## Abhisar one year ago So I was wondering how to derive an differential form of Arrhenius Equation.

1. Abhisar

How to derive this $$\sf \Large \frac{d}{dt}(ln K)=\frac{E_a}{RT^2}$$

2. anonymous

This comes from taking the empirically observed Arrhenius equation: $k = Ae^{-E_a/RT}$ then rearranging it to get a linear plot by using a natural log: $\ln k = -\frac{E_a}{R} \frac{1}{T} + \ln A$ By linear plot, that means we plot things in a very peculiar way, https://en.wikipedia.org/wiki/Arrhenius_plot#/media/File:Arrhenius_plot_with_break_in_y-axis_to_show_intercept.svg So that if we look at it through the lens of $$y=mx+b$$ and plot $$\frac{1}{T} = x$$ and $$\ln k = y$$ we have slope $$\frac{-E_a}{R}=m$$ and y-intercept $$\ln A = b$$. From here, we recognize from calculus that the slope is the derivative, so: $\frac{d}{dx}(y) = m$ Plugging in everything, $\frac{d}{d (1/T)} \ln k = \frac{-E_a}{R}$ Then we use the chain rule on the derivative to make the funky derivative look nicer: $\frac{d (\ln k)}{d (1/T)} = \frac{d (\ln k)}{d T} \frac{d T}{d (1/T)}$ To evaluate this funky thing, we just recognize that: $\frac{d T}{d (1/T)} = \frac{1}{\left(\frac{d (1/T)}{d T}\right)}$ It's simple enough to take this derivative now: $\frac{d}{dT} T^{-1} = -T^{-2}$ Push all this back together and we get: $\frac{d}{dT} \ln k = \frac{E_a}{RT^2}$ Now what's the point of doing all this?

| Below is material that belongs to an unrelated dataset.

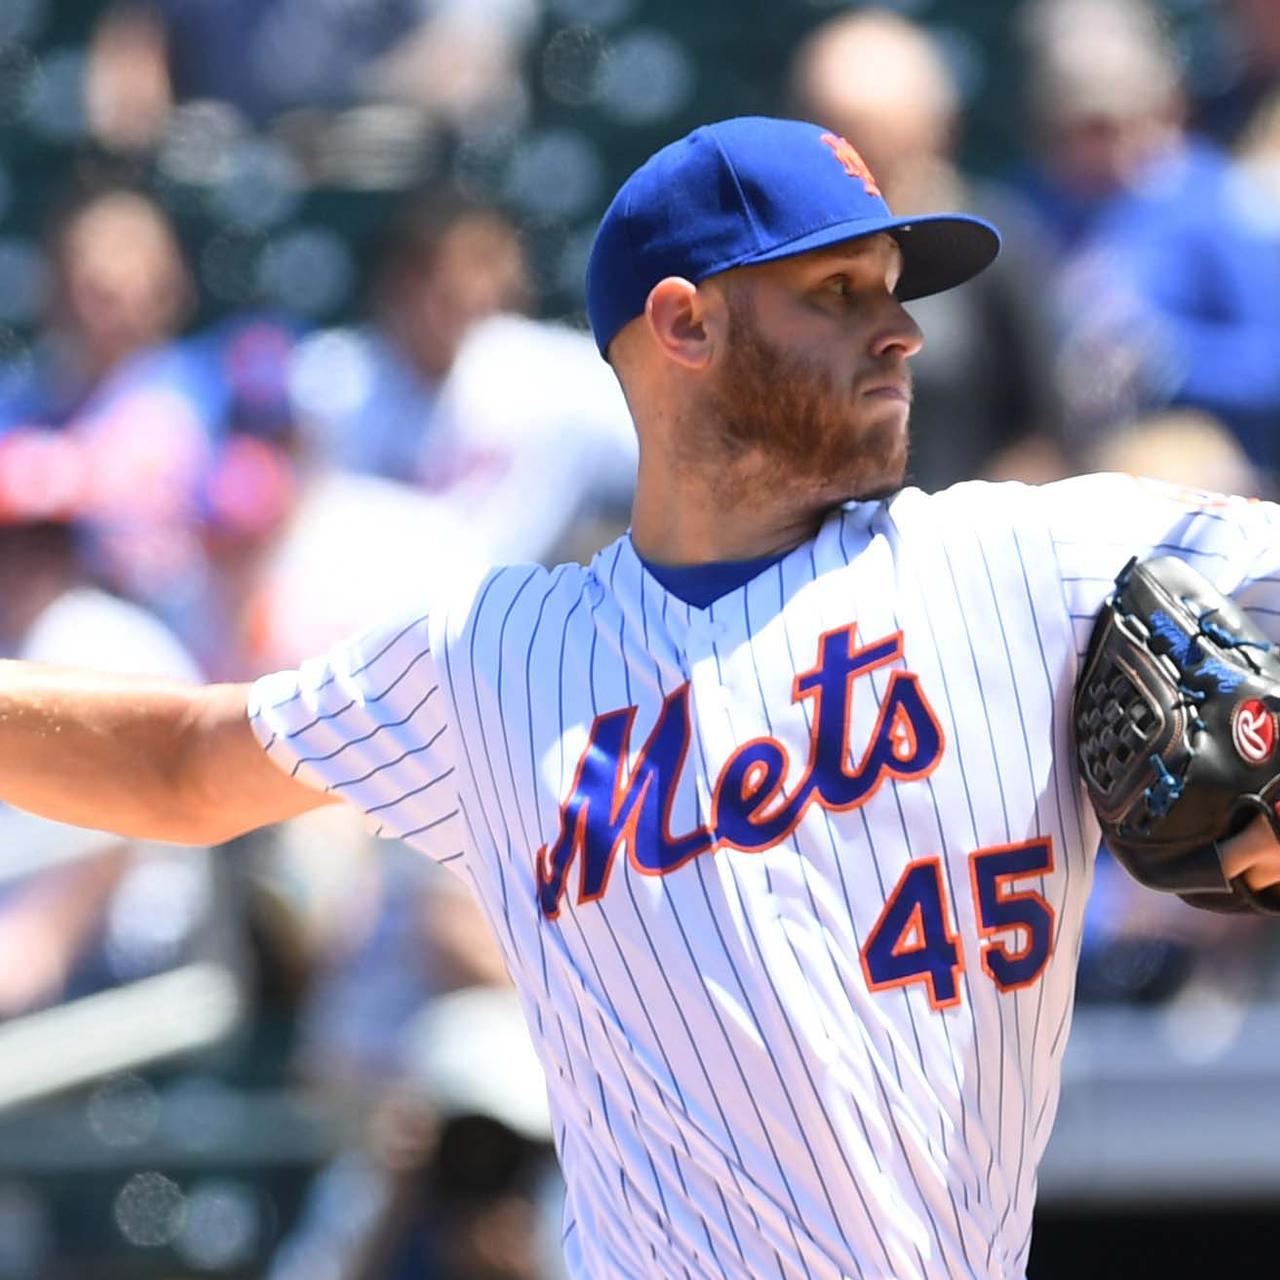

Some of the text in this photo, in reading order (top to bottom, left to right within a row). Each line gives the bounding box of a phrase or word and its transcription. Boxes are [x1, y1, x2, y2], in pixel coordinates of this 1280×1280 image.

[536, 622, 945, 920] Mets
[1238, 709, 1269, 760] R
[860, 835, 1055, 1010] 45

Well remember that plot I showed, this only allows the Arrhenius equation to have linear slopes, that is to say constant slope. However since the formula is empirically discovered, this simply allows us to push it a little further to fit more data to a similar thing and is sometimes used as the definition of activation energy.

3. Abhisar

Wow!! That's beautiful D: I mean i know the part up to comparing the differentiated equation with straight line equation but never figured it could be further beautified to something like this......A vulcan salute for you c: Thanks a bunch !|dw:1441389492893:dw|

4. anonymous

lol thanks! XD